En France, ces moyens sont limités : pour commencer, les centrales nucléaires ne peuvent pas être arrêtées et mises en route « à la demande » sur des créneaux de quelques heures (lorsqu’un réacteur nucléaire est fortement ralenti de manière rapide, il se produit un processus appelé « empoisonnement xénon » qui empêche le redémarrage à pleine puissance dans les heures qui suivent). Par ailleurs, les lacs de barrage sont déjà utilisés au quasi-maximum : en France, le « potentiel techniquement installable » est considéré comme déjà occupé à 90%.

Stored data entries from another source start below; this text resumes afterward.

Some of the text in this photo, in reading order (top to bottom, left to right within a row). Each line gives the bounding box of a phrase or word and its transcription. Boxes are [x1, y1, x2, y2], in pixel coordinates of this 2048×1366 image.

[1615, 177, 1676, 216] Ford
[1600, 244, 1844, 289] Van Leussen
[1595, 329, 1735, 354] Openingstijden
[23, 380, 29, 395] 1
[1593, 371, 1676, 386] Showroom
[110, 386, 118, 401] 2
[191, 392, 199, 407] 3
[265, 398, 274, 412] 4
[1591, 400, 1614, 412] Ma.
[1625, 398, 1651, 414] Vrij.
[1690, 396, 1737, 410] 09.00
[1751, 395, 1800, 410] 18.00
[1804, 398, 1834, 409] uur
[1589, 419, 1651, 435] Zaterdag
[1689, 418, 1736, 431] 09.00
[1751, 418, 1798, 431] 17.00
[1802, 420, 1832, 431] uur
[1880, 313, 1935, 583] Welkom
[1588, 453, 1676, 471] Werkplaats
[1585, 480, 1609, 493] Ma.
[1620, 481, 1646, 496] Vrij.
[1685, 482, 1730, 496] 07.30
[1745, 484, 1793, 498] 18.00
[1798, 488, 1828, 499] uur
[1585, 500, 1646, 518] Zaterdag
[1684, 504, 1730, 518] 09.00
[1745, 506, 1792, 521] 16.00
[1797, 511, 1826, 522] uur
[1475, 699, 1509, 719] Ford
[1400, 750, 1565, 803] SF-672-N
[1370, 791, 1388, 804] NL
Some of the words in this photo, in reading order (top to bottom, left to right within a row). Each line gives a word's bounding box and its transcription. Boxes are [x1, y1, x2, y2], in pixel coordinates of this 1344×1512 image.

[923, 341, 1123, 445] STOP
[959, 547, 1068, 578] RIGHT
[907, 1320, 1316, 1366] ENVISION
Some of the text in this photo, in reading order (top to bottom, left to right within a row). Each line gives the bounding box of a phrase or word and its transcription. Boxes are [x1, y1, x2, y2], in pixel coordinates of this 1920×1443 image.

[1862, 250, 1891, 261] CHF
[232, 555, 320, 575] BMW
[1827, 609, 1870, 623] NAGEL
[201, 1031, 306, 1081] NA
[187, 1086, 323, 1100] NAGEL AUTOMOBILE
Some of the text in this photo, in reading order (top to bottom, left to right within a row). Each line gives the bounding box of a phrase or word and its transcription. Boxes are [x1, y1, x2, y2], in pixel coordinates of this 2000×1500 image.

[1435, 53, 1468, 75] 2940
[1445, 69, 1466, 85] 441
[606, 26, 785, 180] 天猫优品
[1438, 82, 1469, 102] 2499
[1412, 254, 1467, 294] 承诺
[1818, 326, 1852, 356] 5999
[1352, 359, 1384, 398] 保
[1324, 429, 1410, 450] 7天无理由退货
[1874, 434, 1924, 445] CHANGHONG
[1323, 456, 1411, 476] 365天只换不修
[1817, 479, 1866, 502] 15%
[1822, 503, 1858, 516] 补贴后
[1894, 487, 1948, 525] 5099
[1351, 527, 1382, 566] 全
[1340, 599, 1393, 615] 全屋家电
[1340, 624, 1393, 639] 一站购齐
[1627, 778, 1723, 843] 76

A consommation constante, installer des éoliennes pour produire une large fraction de notre électricité nous forcerait donc à disposer, pour une puissance installée équivalente, de centrales thermiques ou hydrauliques. Si nous sommes dans un pays qui dispose déjà d’énormément de barrages (exemple : la Norvège) alors rajouter des éoliennes permet d’augmenter la production totale d’électricité sans augmenter les émissions, mais si nous sommes dans un pays qui n’a pas cette caractéristique géographique, alors l’éolien est un moyen d’économiser 20% à 25% de combustible dans des centrales à gaz ou à charbon qu’il faut conserver, pas un moyen de remplacer lesdites centrales.



L’Espagne offre une illustration intéressante de ce processus. Ce pays a installé environ 18 GW d’éolien dans un pays où la puissance appelée monte, en hiver, à environ 40 GW. Or la puissance éolienne effectivement fournie varie, selon le moment de l’année, et même selon l’heure, entre 1 et 15 GW !


Puissance délivrée par le parc éolien espagnol en % de la puissance installée, le 2 janvier 2010.

Max de 50% vers minuit.


Puissance délivrée par le parc éolien espagnol en % de la puissance installée, le 23 janvier 2010.
Min de 3% vers 18h.
Ce que l’on voit clairement ci-dessus, c’est que la productivité du parc n’est pas constante d’un mois à l’autre, et en fait elle ne l’est même pas d’un jour à l’autre.

Le foisonnement
Qu’à cela ne tienne : il est possible que si le vent faiblit ici, il va forcir là, et « en moyenne sur l’Europe » il y aura toujours du vent quelque part. C’est ce que l’on appelle le « foisonnement », et qui correspond à l’affirmation qui semble intuitive qu’il y a toujours du vent quelque part, et donc qu’avec un parc bien réparti on peut se passer de l’essentiel des moyens de « back-up » pour faire face aux jours sans vent.

Si cela est bien le cas, alors le total européen doit déjà obéir à une forme « d’équilibre » : quand la production éolienne de l’Allemagne baisse, on doit voir celle de la France augmenter, ou encore que la production anglaise doit augmenter quand la production française baisse, etc. Hélas, ce n’est pas du tout ce qui s’observe….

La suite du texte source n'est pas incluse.